It appears that so many people are really upset and in a state of panic about the upcoming American presidential inauguration on Friday. The dramatic shift from President Obama to President Trump is certainly a head spinning and sharp contrast in leadership style, perspective, and priorities. Over 50 representatives in congress (thus far) have publicly stated that they will boycott the inauguration ceremony and festivities while the women’s protest march on Washington is growing larger than expected with similar marches planned in almost every city across the country the day following the inauguration. Tension, panic, discombobulation, and intense fear are in the air and repeatedly reported on in the news. From a psychological perspective, what can anxious and freaked-out citizens do to cope? While there are no simple answers or solutions that will work for everyone, three psychological informed principles might be helpful to consider. These include the following:
1. Control what you can and let go of what you can’t control.

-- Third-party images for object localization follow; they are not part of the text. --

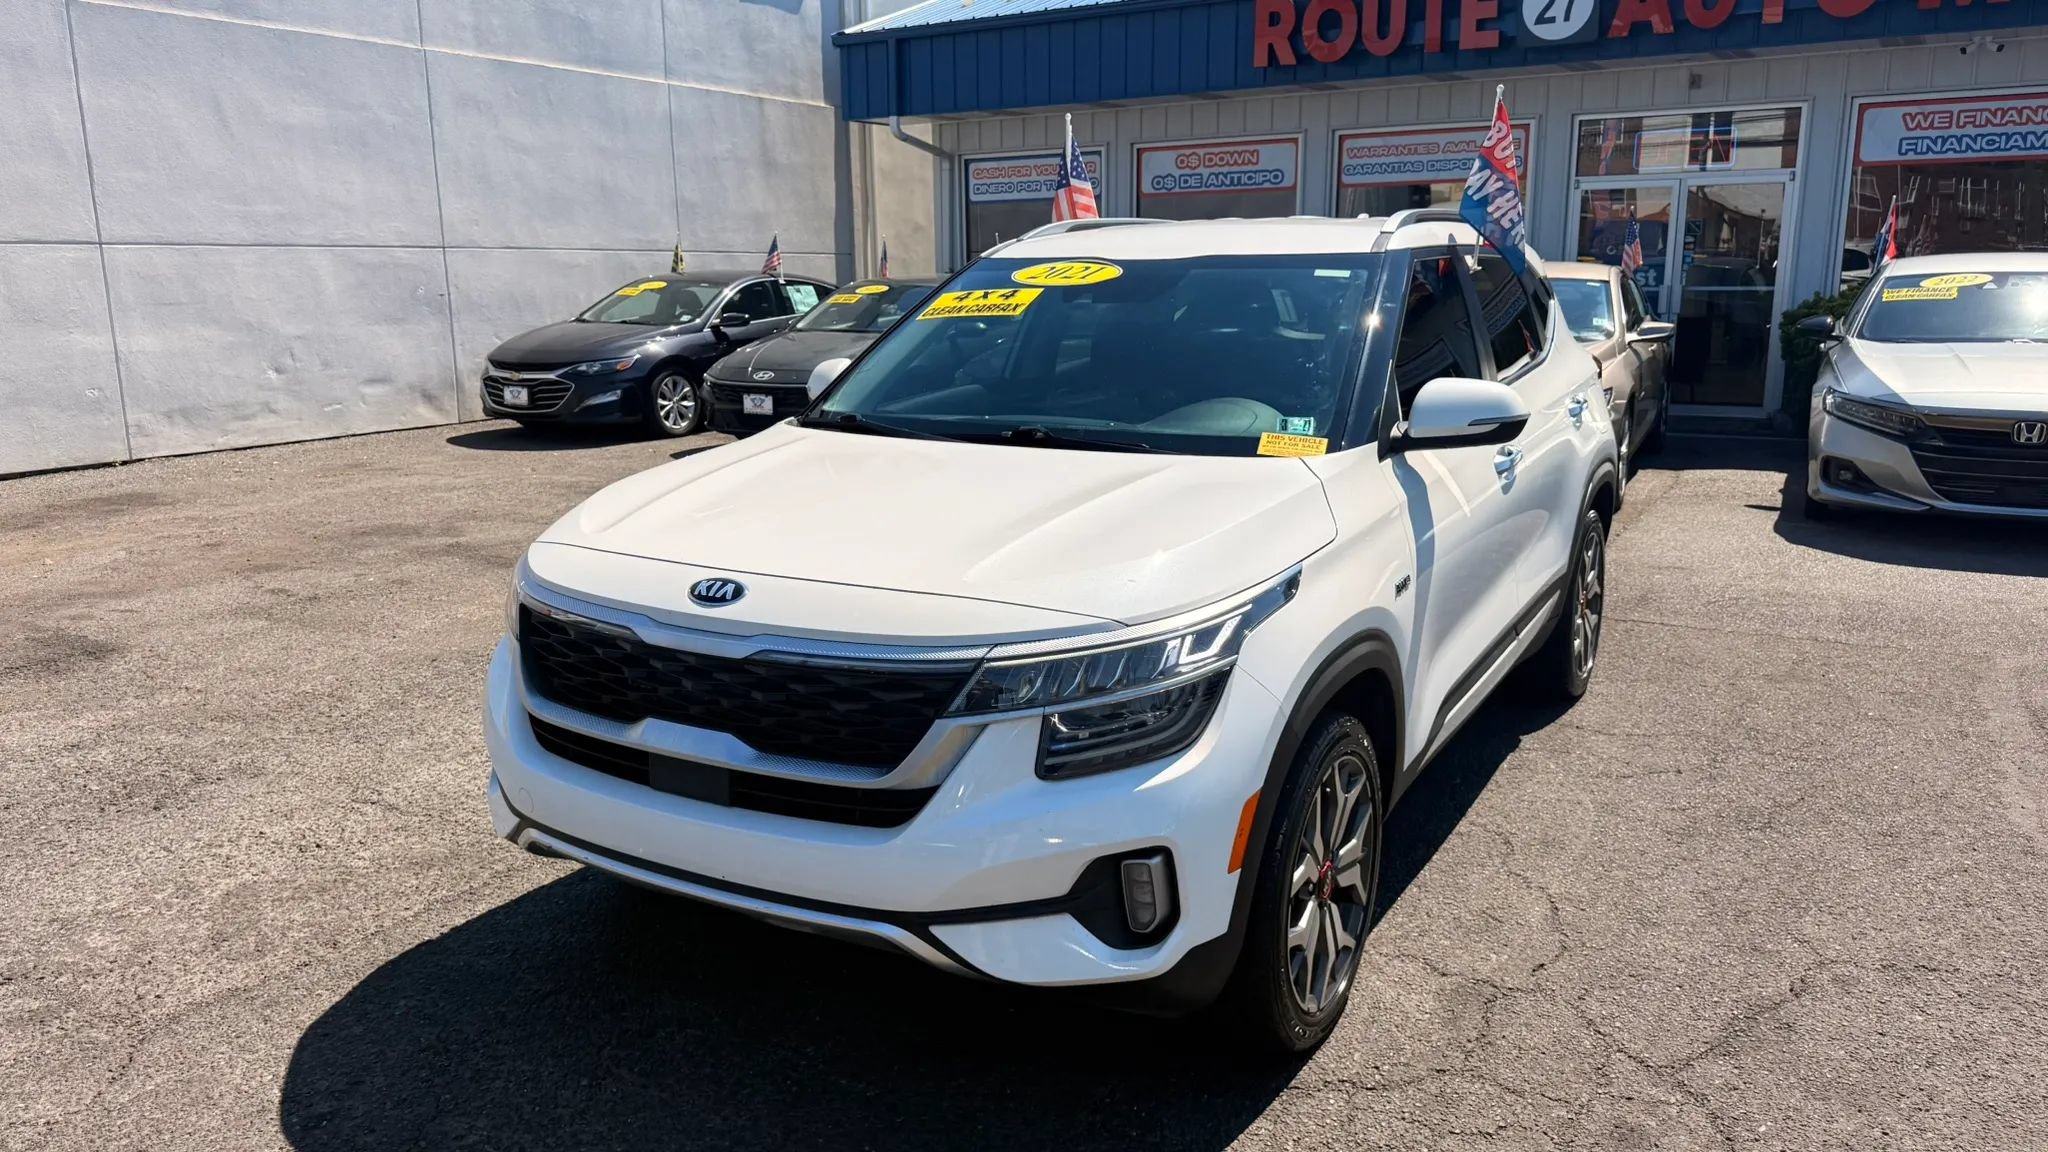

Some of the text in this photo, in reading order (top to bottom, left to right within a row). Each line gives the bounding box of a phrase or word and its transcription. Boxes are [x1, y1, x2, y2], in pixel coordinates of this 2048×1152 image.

[1253, 0, 1500, 68] ROUTE
[1607, 0, 1876, 38] AU
[1903, 111, 1953, 131] WE
[1203, 149, 1260, 168] DOWN
[1347, 141, 1440, 160] WARRANTIES
[974, 163, 1060, 180] CASH FOR YOU
[1344, 160, 1425, 176] GARANTIAS
[973, 181, 1015, 195] DINERO
[1016, 180, 1042, 193] POR
[1179, 173, 1203, 189] DE
[1205, 169, 1284, 188] ANTICIPO
[1026, 266, 1107, 280] 2021
[922, 303, 1023, 317] CLEAN CARFAX
[1266, 433, 1324, 445] THIS VEHICLE
[693, 580, 736, 600] KIA
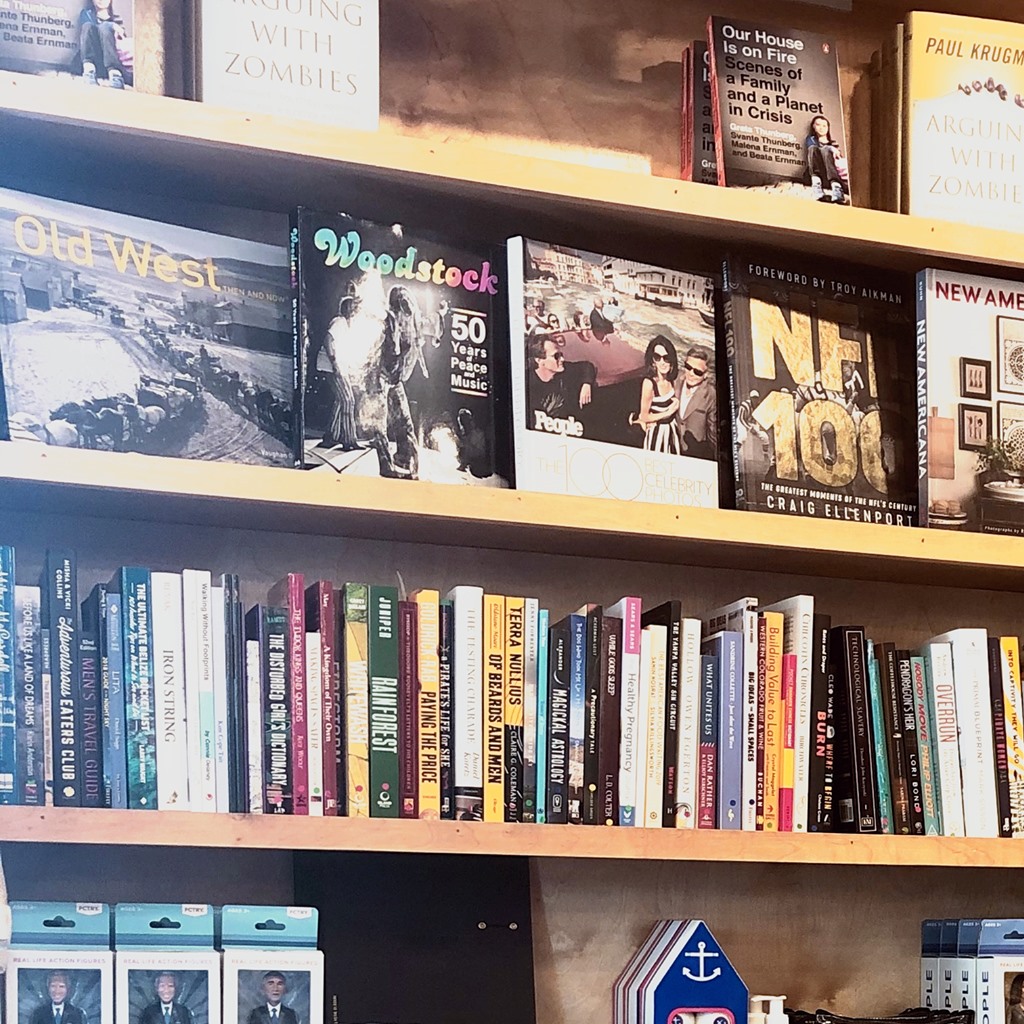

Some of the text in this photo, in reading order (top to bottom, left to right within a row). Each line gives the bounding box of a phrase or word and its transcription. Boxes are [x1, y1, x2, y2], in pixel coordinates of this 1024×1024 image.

[723, 25, 804, 52] Our House
[925, 37, 964, 60] PAUL
[724, 40, 798, 65] Is on Fire
[725, 56, 803, 82] Scenes of
[727, 74, 791, 98] a Family
[728, 88, 824, 115] and a Planet
[728, 102, 793, 126] in Crisis
[951, 147, 1016, 172] WITH
[15, 215, 223, 292] Old West
[313, 227, 499, 296] Woodstock
[749, 264, 902, 304] FOREWORD BY TROY AIKMAN
[935, 279, 983, 306] NEW
[450, 314, 487, 342] 50
[451, 342, 488, 360] Years
[451, 358, 488, 375] Peace
[450, 376, 488, 392] Music
[534, 410, 584, 437] People
[767, 495, 913, 527] CRAIG ELLENPORT
[378, 597, 392, 639] JUNIPER
[163, 649, 176, 743] IRON STRING
[371, 676, 398, 753] RAINFOREST
[936, 684, 956, 743] OVERRUN
[816, 710, 827, 757] BURN

Part of the panic that grips people is associated with being or feeling out of control. It is a bit like watching a train wreck unfold before your eyes in that you can’t do anything to stop it but you want to control the situation so that the inevitable doesn’t happen. Taking stock of what you can control and do to manage your upset might include attending a march, signing a petition (or creating one yourself), contacting your elected officials to articulate your views, and talking with others who are sympathetic to your feelings and opinions. Additionally, it is helpful to take stock of what you can’t control and work hard to accept it. Asking supportive others to help remind you of what you can and can't control may be of value as well.

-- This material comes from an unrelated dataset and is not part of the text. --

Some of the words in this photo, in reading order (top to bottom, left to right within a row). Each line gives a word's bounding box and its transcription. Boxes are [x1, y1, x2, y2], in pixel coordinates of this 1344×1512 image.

2. Be thoughtful about media exposure.
Living in a 24/7 news cycle with constant “breaking news” to grab your attention can make anxiety worse. You can easily get wrapped up watching endless hours of news updates via numerous media outlets including social media. News that is presented in attention grabbing ways often with hysterical headlines and outbursts by talking heads can make fears so much worse. Being vigilant about limiting your exposure to news to brief and manageable doses, attending to reliable (and perhaps calming) news sources, and avoiding the intensity of in-your-face and “gotcha” style coverage is highly recommended.
3. Remind yourself of who you are and who you want to become.
While controlling the behavior of others is usually frustrating and impossible to do you can control your own behavior and focus on the values and type of person you want to be and to become. For example, being respectful, kind, gracious, and caring to others may be organizing and centering qualities that can act as a foil to the kind of rancor witnessed and experienced during current times. Being attentive to your own ethical principles and priorities in life may help keep yourself calm when feeling anxious. I recommend using the easy to remember RRICC model representing respect, responsibility, integrity, competence, and concern for others as a mantra. Or, if you want something even easier to remember, consider the RC model (i.e., respect and compassion). Holding onto valued and perhaps sacred ethical principles can help you cope better and feel good about your approach to challenging stress.
We certainly live in a remarkable time of transition that is likely very stressful for many. It is easy to get swept up in the hysteria and upset. Even if there are many good reasons to be upset we still need to find ways to cope as best as we can with these new and transitional challenges. While these three suggestions are not magical in any way they may help to move you in the right direction to help find some peace and calm in the middle of a remarkable and turbulent storm.